But why firm? I don’t know. I think it’s to be sure we understand what it’s like being handled by an adjustable crescent wrench. It may not be comfortable but it’s better than an unadjustable crescent wrench. It also could be just that guys set the standards, and the guy standard for everything is that it should be done until someone weeps.
So that’s the long-term goal. Now to practical steps. First, with your handshakes, check that you have at least one hand. No one, however much they want a handshake from you, will fault you if you haven’t got hands. This is an out, by the way. If for some reason you can’t bear handshakes, then “accidentally” leave them back home when you go out. I don’t know how you’ll lock your door, sorry. Maybe you live in a good neighborhood.
Ready for a handshake, though? With the help of at least one other person — remember the lesson about applauding — get ready. First, hold up your handshaking hand. Spread your fingers out and then close them back until you feel comfortable. You feel comfortable when you can hold your fingers at that separation for at least 120 seconds without feeling strain. (Practice this before your actual handshaking! You want it to look automatic.) Reach your thumb out perpendicular to your hand, then touch your palm, at least two but not more than three times.

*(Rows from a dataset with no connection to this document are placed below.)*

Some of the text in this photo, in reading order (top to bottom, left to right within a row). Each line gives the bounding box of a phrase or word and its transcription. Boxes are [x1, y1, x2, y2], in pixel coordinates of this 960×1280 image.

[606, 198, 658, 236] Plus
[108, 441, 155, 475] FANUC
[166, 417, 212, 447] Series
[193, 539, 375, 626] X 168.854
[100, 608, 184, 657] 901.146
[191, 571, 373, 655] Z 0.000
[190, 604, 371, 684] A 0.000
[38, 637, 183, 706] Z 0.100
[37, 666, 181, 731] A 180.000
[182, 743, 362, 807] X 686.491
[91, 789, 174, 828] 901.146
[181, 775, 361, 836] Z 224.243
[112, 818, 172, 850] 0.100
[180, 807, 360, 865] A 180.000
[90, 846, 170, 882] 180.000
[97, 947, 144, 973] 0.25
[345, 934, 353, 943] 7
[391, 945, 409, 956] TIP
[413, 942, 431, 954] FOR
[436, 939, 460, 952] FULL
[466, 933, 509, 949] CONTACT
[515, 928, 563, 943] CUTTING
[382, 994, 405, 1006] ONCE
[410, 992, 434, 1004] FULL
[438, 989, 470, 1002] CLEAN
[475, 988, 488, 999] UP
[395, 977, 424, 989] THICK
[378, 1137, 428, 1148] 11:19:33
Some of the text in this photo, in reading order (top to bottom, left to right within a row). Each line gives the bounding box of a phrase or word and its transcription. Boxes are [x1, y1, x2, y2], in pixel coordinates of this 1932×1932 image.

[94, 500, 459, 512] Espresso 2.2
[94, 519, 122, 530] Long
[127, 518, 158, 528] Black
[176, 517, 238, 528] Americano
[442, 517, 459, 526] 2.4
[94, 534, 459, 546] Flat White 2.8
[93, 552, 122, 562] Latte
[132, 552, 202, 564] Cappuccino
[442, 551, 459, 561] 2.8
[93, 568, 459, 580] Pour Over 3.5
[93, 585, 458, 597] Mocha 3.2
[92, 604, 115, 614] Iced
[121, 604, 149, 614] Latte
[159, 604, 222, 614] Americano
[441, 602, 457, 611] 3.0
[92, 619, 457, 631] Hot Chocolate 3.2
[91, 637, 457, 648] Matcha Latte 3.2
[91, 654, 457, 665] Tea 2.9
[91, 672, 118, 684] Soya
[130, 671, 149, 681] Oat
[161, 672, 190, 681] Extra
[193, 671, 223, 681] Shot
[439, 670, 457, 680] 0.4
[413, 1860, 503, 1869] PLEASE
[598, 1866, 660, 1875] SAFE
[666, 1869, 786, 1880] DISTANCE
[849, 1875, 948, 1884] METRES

Reach your hand towards your handshake-partner’s, starting with your palm held vertical. Turn it slowly horizontal. Your model here is the Space Pan-Am spaceship space-docking in the Space Hilton from 2001: A Space Odyssey. With your space hand — sorry, hand — accidentally slipped into your partner’s sleeve, apologize. Tap your forehead and say you don’t know where your thoughts are today. You are “spaced out”, as they say. Smile with a glint in your eye. After a hearty chuckle go on about your post-handshake business.
Does it seem like the handshake’s gone wrong? You have good insights, my friend. The handshake has gone wrong, but this is what you want. By sharing in a “blunder” you’ve shared a very mild embarrassment with someone. They now see you as the partner in a special little moment of common humanity. They’ll like you more even though they have no actual reason to. And that is the secret true goal of shaking hands.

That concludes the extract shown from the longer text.